- EXERCISE GOAL: Leaving out only the pictures, write out all the entries exactly.
======== DATA FOR THE TASK ========
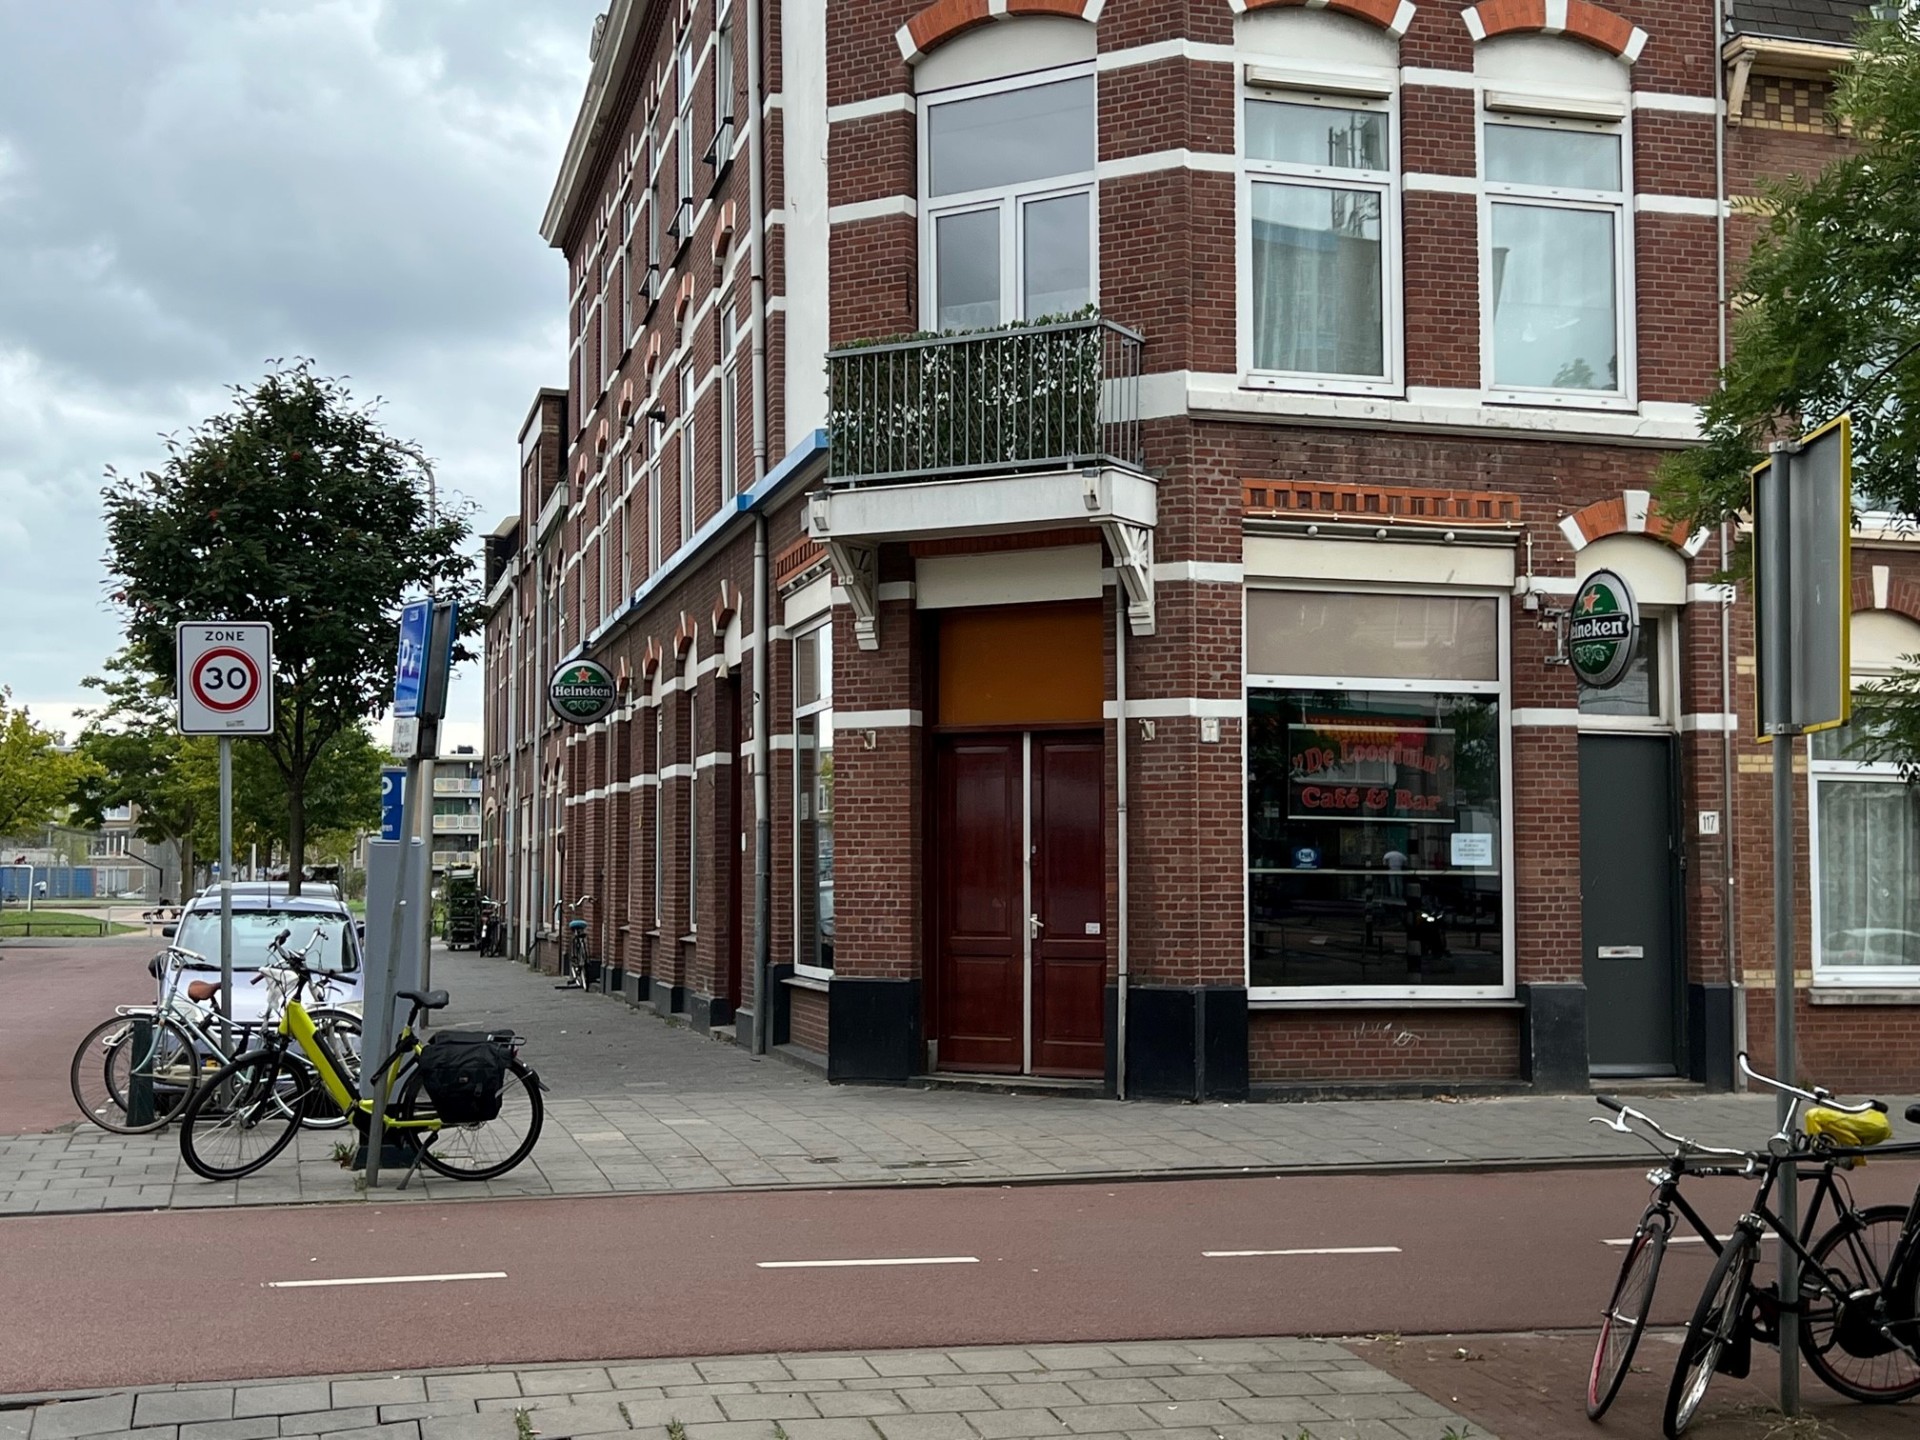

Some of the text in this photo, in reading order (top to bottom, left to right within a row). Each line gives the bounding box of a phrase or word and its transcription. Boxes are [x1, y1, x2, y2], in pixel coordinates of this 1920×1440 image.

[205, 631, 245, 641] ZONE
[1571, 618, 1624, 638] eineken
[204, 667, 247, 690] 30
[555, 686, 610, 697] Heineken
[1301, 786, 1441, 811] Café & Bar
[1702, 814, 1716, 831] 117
========
- EXERCISE RESPONSE:
Some of the text in this photo, in reading order (top to bottom, left to right within a row). Each line gives the bounding box of a phrase or word and its transcription. Boxes are [x1, y1, x2, y2], in pixel coordinates of this 1920×1440 image.

[205, 631, 245, 641] ZONE
[1571, 618, 1624, 638] eineken
[204, 667, 247, 690] 30
[555, 686, 610, 697] Heineken
[1301, 786, 1441, 811] Café & Bar
[1702, 814, 1716, 831] 117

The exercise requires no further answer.